Les boutons sont de petites pièces de métal ou d'une autre matière dure, de forme généralement arrondie, qui servent à fixer ensemble différentes parties d'un vêtement. On les passe, à cet effet, dans des fentes appelées boutonnières ou dans des ganses.
On fabrique les boutons soit avec du métal fondu dans des moules, soit en les découpant dans des plaques minces de fer, de cuivre ou de zinc auxquelles on soude les queues. Il y en a encore en os, en nacre, en porcelaine, en verre, que l’on confectionne d'une manière analogue. Ceux de corne s'obtiennent en pressant fortement cette substance ramollie dans l'eau bouillante. En général, les boutons de bois sont revêtus d'étoffe, tandis que ceux de métal sont teints de diverses couleurs et vernis.
Les doubles boutons servent à fixer les cols, les devants de chemises, les poignets des manches, les guimpes, etc.
Les boutons présentent les formes les plus variées : circulaires, sphériques, ronds, ovales, lenticulaires, aplatis, concaves, convexes, etc. Actuellement, il est de mode de les orner de figures en relief quand ils servent à la garniture des vêtements.

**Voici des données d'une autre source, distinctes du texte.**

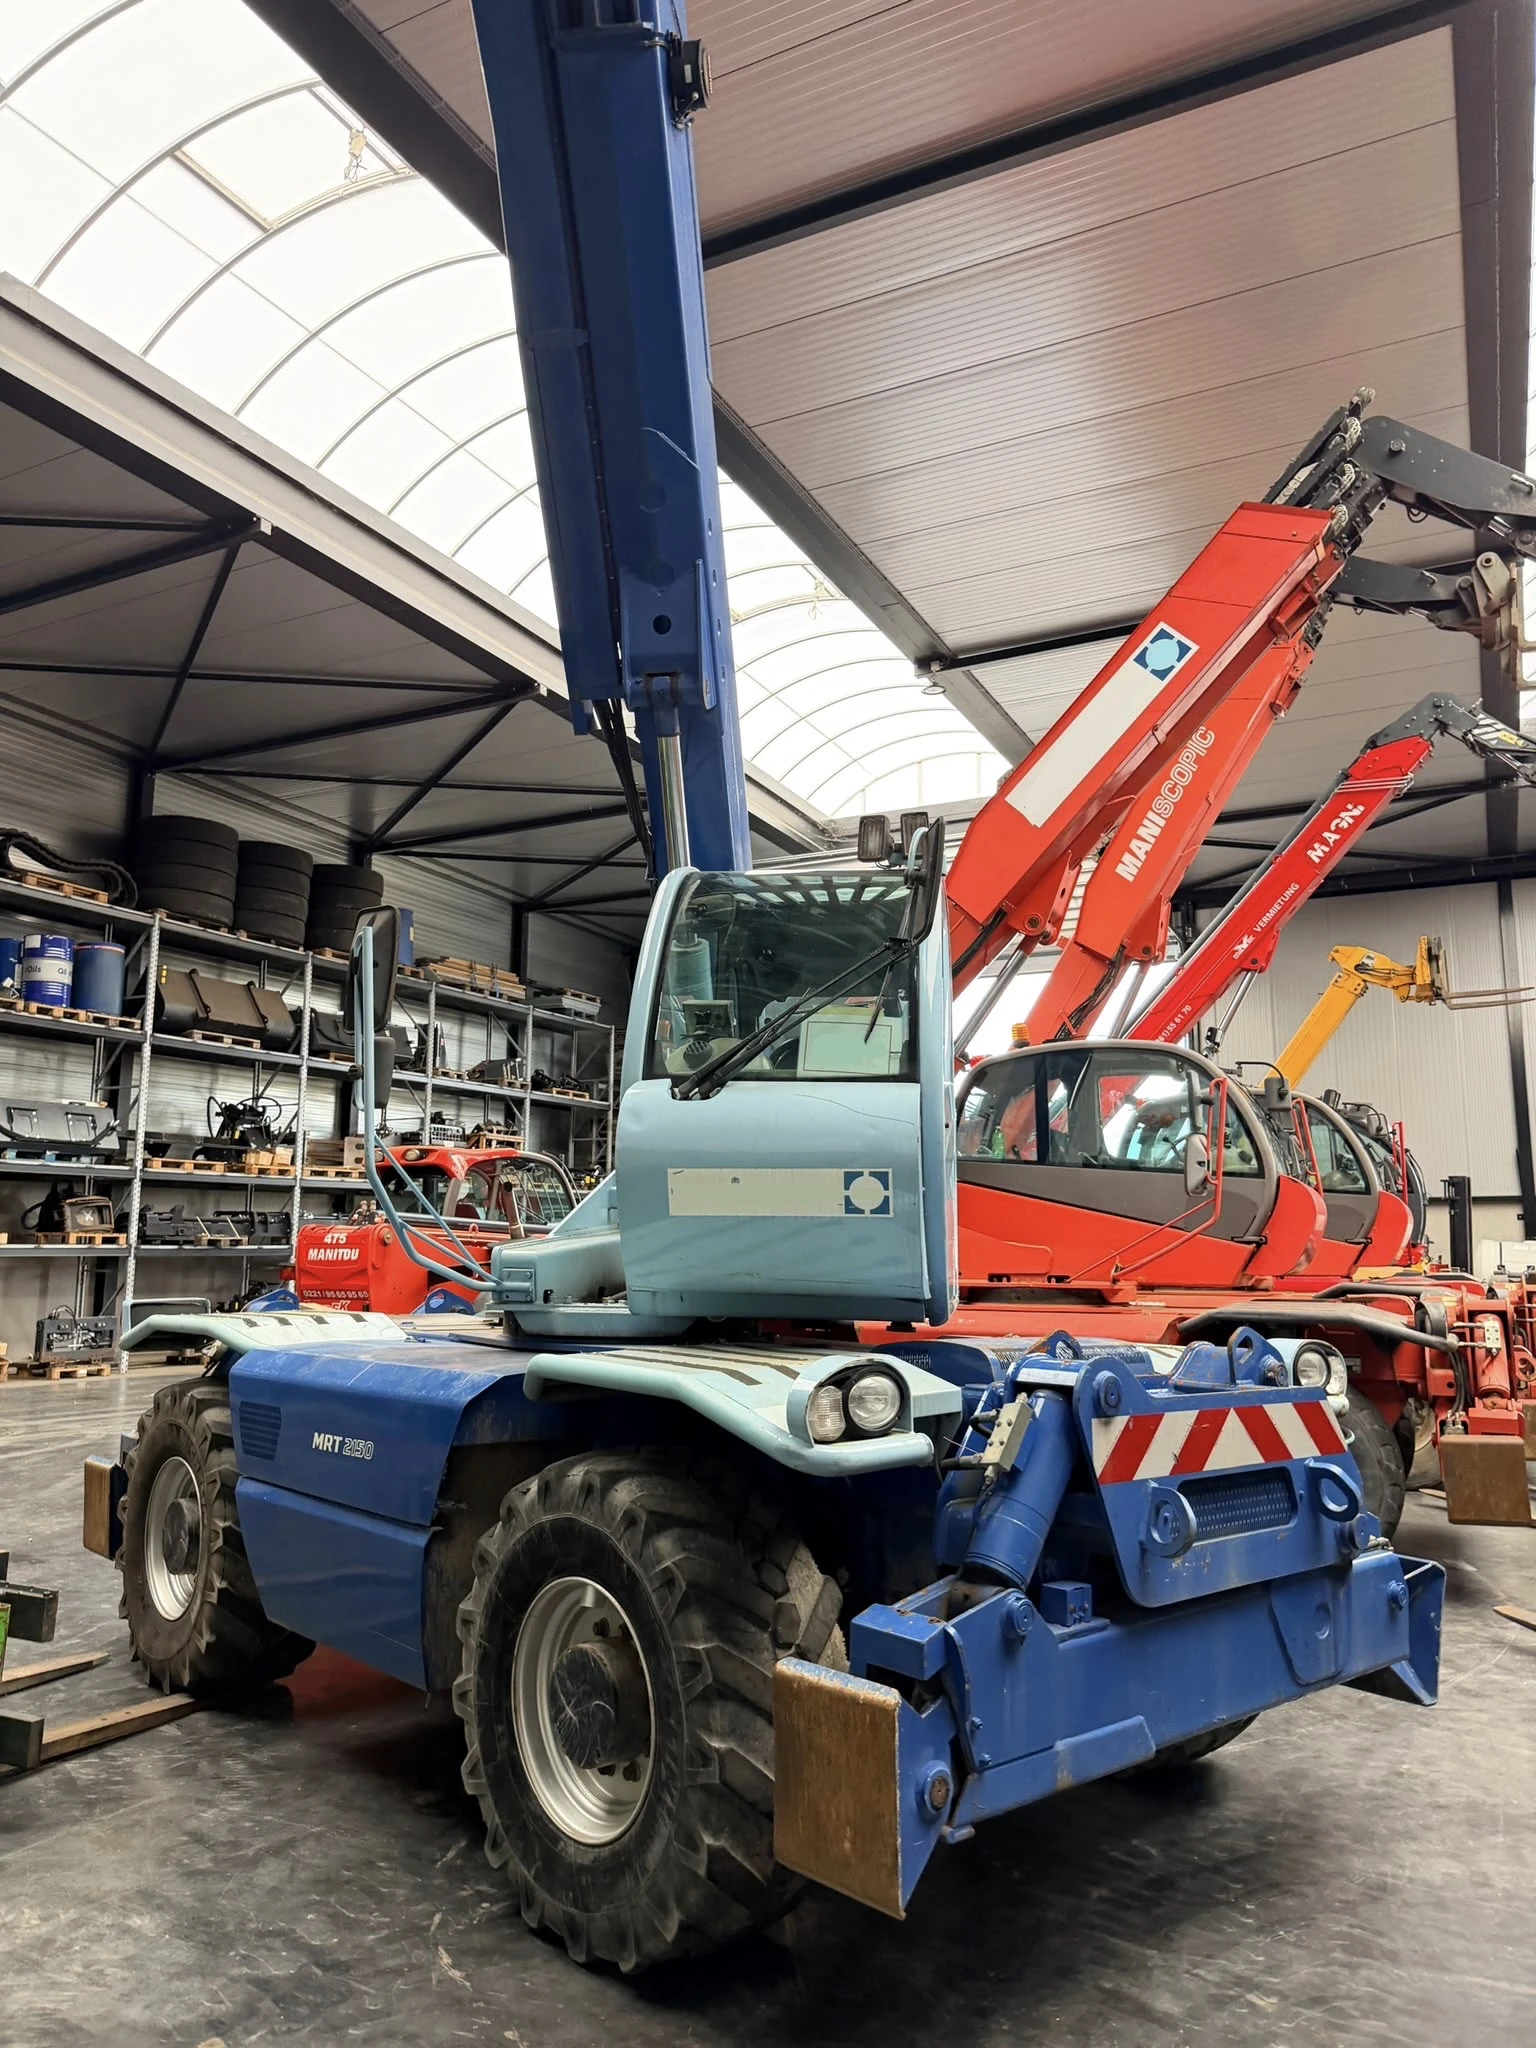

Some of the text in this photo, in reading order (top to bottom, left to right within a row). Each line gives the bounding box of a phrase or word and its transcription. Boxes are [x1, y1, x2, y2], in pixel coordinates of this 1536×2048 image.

[1115, 725, 1215, 882] MANISCOPIC
[1253, 882, 1300, 932] VERMIETUNG
[1173, 1013, 1185, 1023] 61
[1181, 1004, 1192, 1015] 70
[323, 1233, 348, 1244] 475
[307, 1248, 360, 1261] MANITOU
[312, 1431, 375, 1460] MRT 2150

Une douzaine de boutons ordinaires coûte : 1° en bois... ; en os..., etc.
Économie domestique.
- — Qu'entend-on par taches ?
- — Nommez différentes sortes de taches.
- — Comment s'y prend-on pour faire disparaître des taches de graisse ou d'huile sur de la toile, du drap, une étoffe de soie, une étoffe de laine, une étoffe de coton ?
- — Comment enlève-t-on les taches de fruits sur les étoffes légères ?
Tout ce qui souille et laisse sur quelque chose une marque malpropre constitue une tache. Le plus souvent les taches sont produites, sur les vêtements, par des corps gras, des acides ou des matières colorantes.
Il y a des taches de graisse, d'huile, de sauce, de peinture, de rouille, de verdure, d'encre, etc. : la liste en est longue, si l'on s'en rapporte aux dires des mamans d'enfants peu soigneuses.
Pour faire disparaître les taches de graisse, on applique du papier buvard sur l'étoffe souillée et l'on promène un fer chaud sur le tout. On emploie dans le même cas avec succès la benzine, pourvu que le tissu soit teint solidement.
Les taches d'huile et de peinture à l'huile s'enlèvent avec de l'essence de térébenthine ; celles d'encre, avec le sel d'oseille employé à dose modérée ; et celles dues à un acide, par l'ammoniaque étendu d'eau.
On fait disparaître les taches de fruits sur les étoffes légères en mouillant légèrement l'étoffe et en brûlant au-dessous du soufre en bâton ; on rince ensuite. L'eau de Javel étendue dans beaucoup d'eau produit le même résultat.